Se si usa la metodologia dell’Ocse, i dati variano poco: rispettivamente 1,2% e 5,7%.
Il dossier calcola anche l’incidenza sul “sistema tax/benefit”, il rapporto tra quante imposte personali il contribuente paga e i benefici (assegni familiari, bonus, etc.) che riceve. Prima dell’introduzione del Rdc, l’incidenza sul reddito dei più indigenti (il “primo decile più povero”) era vicina allo zero, ora è diventata negativa di quasi il 30%, segno che il trasferimento sociale dello Stato prevale sul prelievo. I dati Inps mostrano anche un’ampia corrispondenza tra poveri, disoccupati e beneficiari: più è alto il tasso di povertà relativa maggiore è il numero di beneficiari ogni 10mila abitanti (ai primi posti ci sono Calabria, Campania e Sicilia, con un tasso di correlazione dell’84%); stesso discorso per il tasso dei senza lavoro (correlazione al 97%).
A gennaio l’Inps pubblicherà il rapporto completo. I numeri assoluti sono imponenti: a fine dicembre si stima che i nuclei beneficiari arriveranno a 1,213 milioni, vicini agli 1,248 previsti a inizio 2019 dalla relazione tecnica. La contrazione è molto forte al Sud e nelle isole (61%); l’importo medio del Reddito mensile è di 520 euro (il massimo percepibile è 780), quello della pensione di cittadinanza è di soli 214 euro. La media totale è più alta nel Sud che al Nord, dove pure sono coinvolte 492 mila persone.

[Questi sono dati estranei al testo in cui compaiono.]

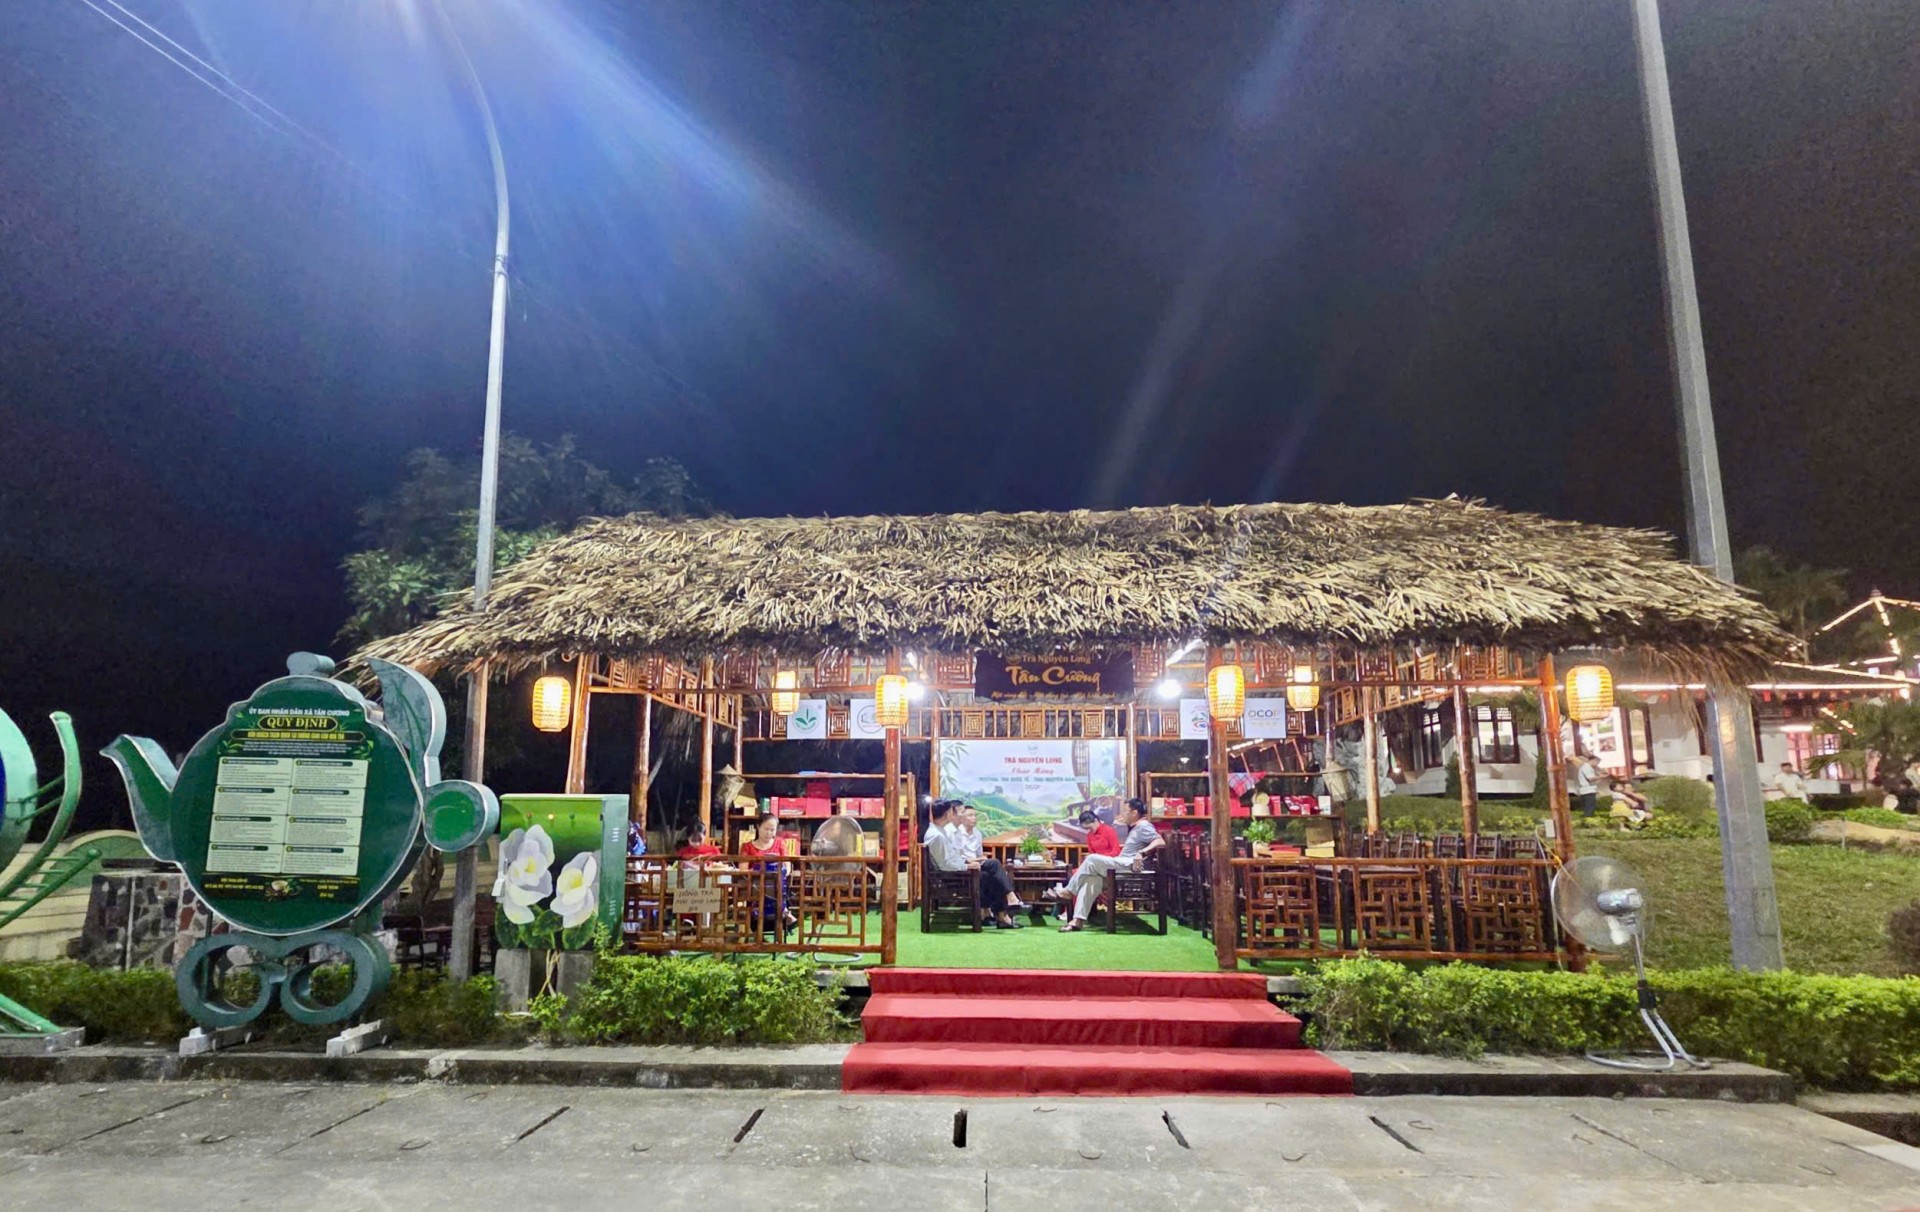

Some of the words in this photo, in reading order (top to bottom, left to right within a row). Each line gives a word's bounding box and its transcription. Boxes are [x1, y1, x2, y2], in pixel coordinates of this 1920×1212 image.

[1005, 666, 1040, 686] Tân
[266, 717, 293, 729] QUY
[295, 717, 329, 729] ĐỊNH
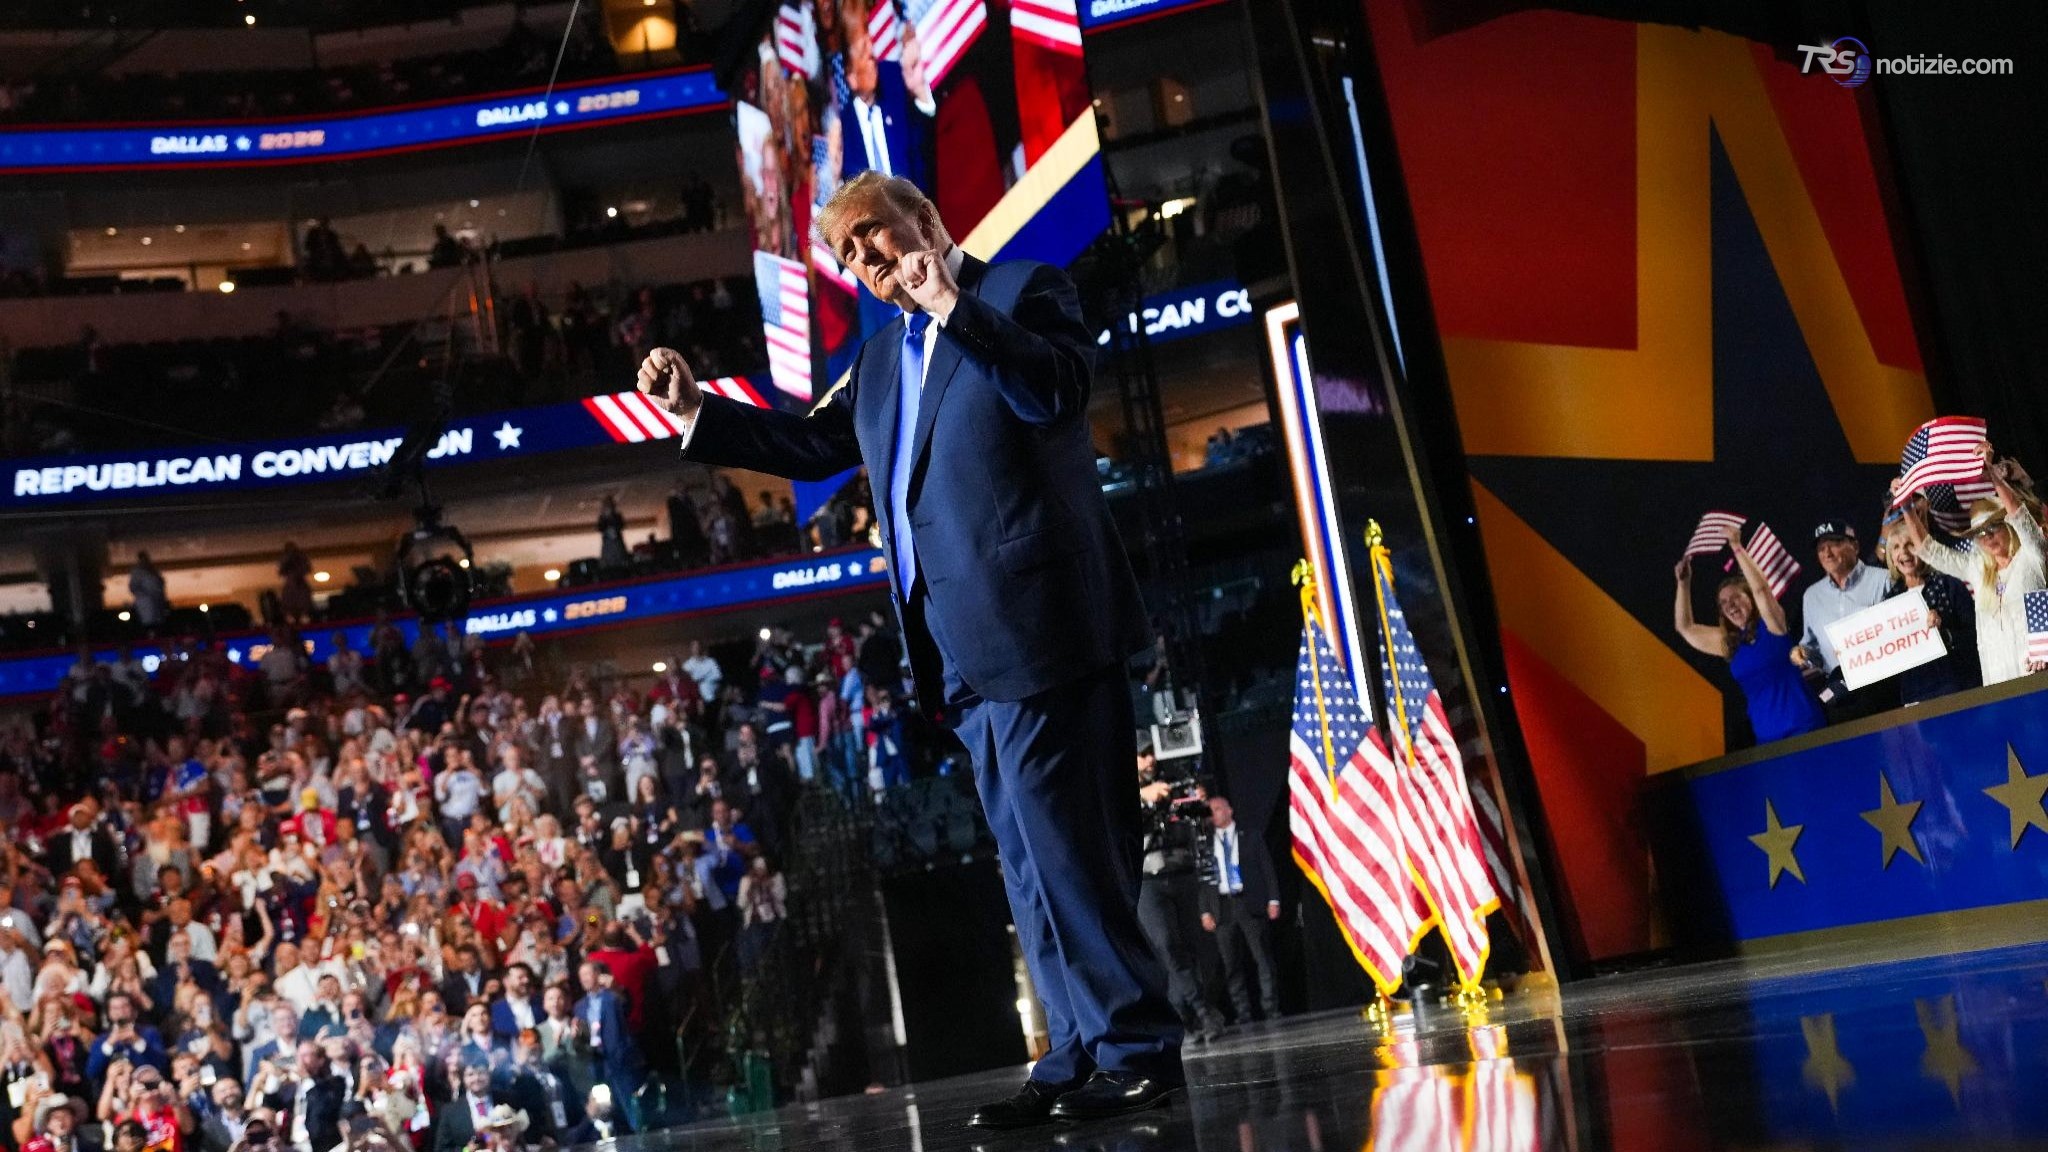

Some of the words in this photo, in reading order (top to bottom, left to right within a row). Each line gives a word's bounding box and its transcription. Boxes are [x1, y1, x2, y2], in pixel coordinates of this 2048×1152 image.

[476, 101, 548, 127] DALLAS
[150, 134, 229, 154] DALLAS
[14, 453, 243, 496] REPUBLICAN
[772, 563, 842, 590] DALLAS
[465, 609, 537, 634] DALLAS
[1843, 623, 1884, 649] KEEP
[1887, 608, 1920, 631] THE
[1848, 628, 1931, 670] MAJORITY

Se sulla povertà le prime stime dell’Inps forniscono una misura dell’impatto, sul lato lavoro – di competenza di Regioni, Anpal e ministero – è buio pesto. Il dossier elenca i risultati dei controlli automatizzati dell’Inps su un campione considerato a rischio. Delle 49.204 persone che hanno perso il beneficio, meno di 2 mila sono quelle a cui è stata riscontrata la perdita di requisiti (mille), lavoro irregolare (485) o un provvedimento giudiziario che impone la sospensione della misure (110). Il grosso è rappresentato dai 14.300 che hanno trovato un impiego. Non significa però che sia merito del Reddito. l’Anpal ha spiegato che i beneficiari presi in carico dai centri per l’impiego sono 200 mila (su 700 mila potenziali), e di questi 18 mila hanno trovato lavoro. Nessuno sa a cosa sia dovuto: un monitoraggio nazionale ancora non c’è.
A oggi le stime, se confermate, mostrano l’effetto statistico della misura, per capire come è cambiata la vita delle persone servirà più tempo.